Figure 18. Predicted protein family membership for the query sequence.

StepsClick on the link to visit the entry page for myeloid differentiation primary response protein MyD88. 

Clicking on the link will take us to the InterPro entry page for this family (Figure 19). This page explains what MyD88 is, what its functions are, and the GO terms that can be applied to members of the family. Clicking on the left hand menu allows us to examine the different UniProt proteins that are predicted to belong to the family (Proteins matched), their different domain architectures (Domain organisations) and the species in which they are found (Species). Clicking on any of these menu items opens a new page with the appropriate information and links that allow you to download specific datasets (e.g., all the proteins in a family, or all the proteins with a particular domain architecture, or all the protein family members from a particular kingdom, class or species).

 InterPro entry page for the myeloid differentiation primary response protein MyD88 family of proteins

Figure 19. InterPro entry page for the myeloid differentiation primary response protein MyD88 family of proteins.

Sequence search results: exploring other proteins in the family

It is possible to find all of the UniProtKB proteins that match a protein family, using the 'Proteins matched' link on the left hand side of the family page (Figure 20).

                                                                                                            

Figure 20. The protein families side menu page, where links to more information on proteins belonging the same family can be found.

Steps

Click the 'Proteins matched' link to see other proteins in UniProtKB with the same family membership.
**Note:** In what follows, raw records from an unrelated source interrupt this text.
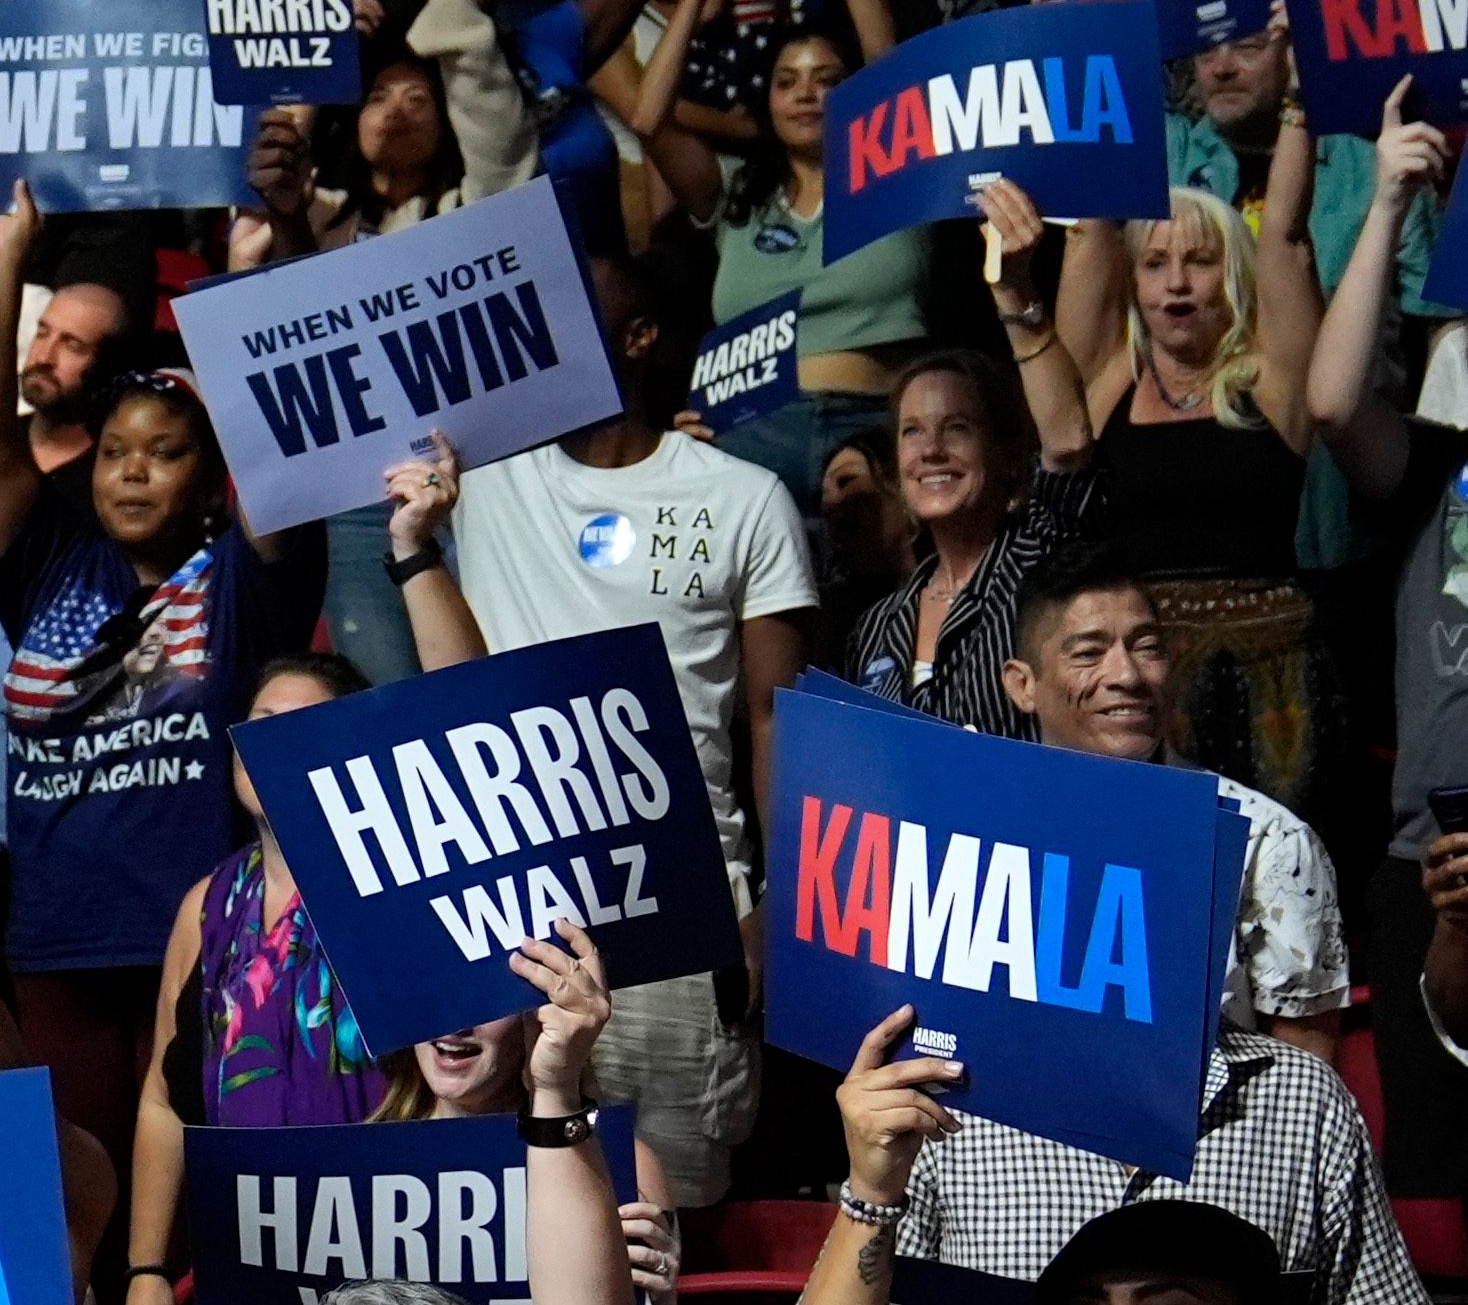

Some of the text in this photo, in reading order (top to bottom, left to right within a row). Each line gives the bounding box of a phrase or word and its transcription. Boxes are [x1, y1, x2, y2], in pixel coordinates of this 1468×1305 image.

[93, 32, 143, 58] WE
[235, 38, 333, 69] WALZ
[846, 54, 1134, 194] KAMALA
[242, 246, 523, 360] WHEN WE VOTE
[247, 279, 561, 459] WE WIN
[691, 306, 797, 394] HARRIS
[705, 358, 779, 407] WALZ
[72, 711, 210, 763] AMERICA
[89, 758, 181, 794] AGAIN
[306, 686, 671, 898] HARRIS
[430, 843, 659, 964] WALZ
[794, 795, 1154, 1024] KAMALA
[912, 1026, 957, 1052] HARRIS
Following the 'Proteins matched' link takes us to a page like the one shown in Figure 21. This is a paginated list of UniProtKB proteins, showing their name, accession number, species and domain architectures (if known). Those sequences with a gold star are from Swiss-Prot, the manually annotated section of UniProtKB, whilst those with a silver star are from the automatically annotated section TrEMBL. Proteins for which structural information is available are shown with a '3D' icon, next to their accession number. A FASTA file containing the sequences of all of the proteins can be downloaded by clicking the 'Export FASTA' button at the top right of the page.

The similar proteins page

Figure 21. The proteins matched page, displaying UniProtKB proteins belonging to the same protein family as the query sequence.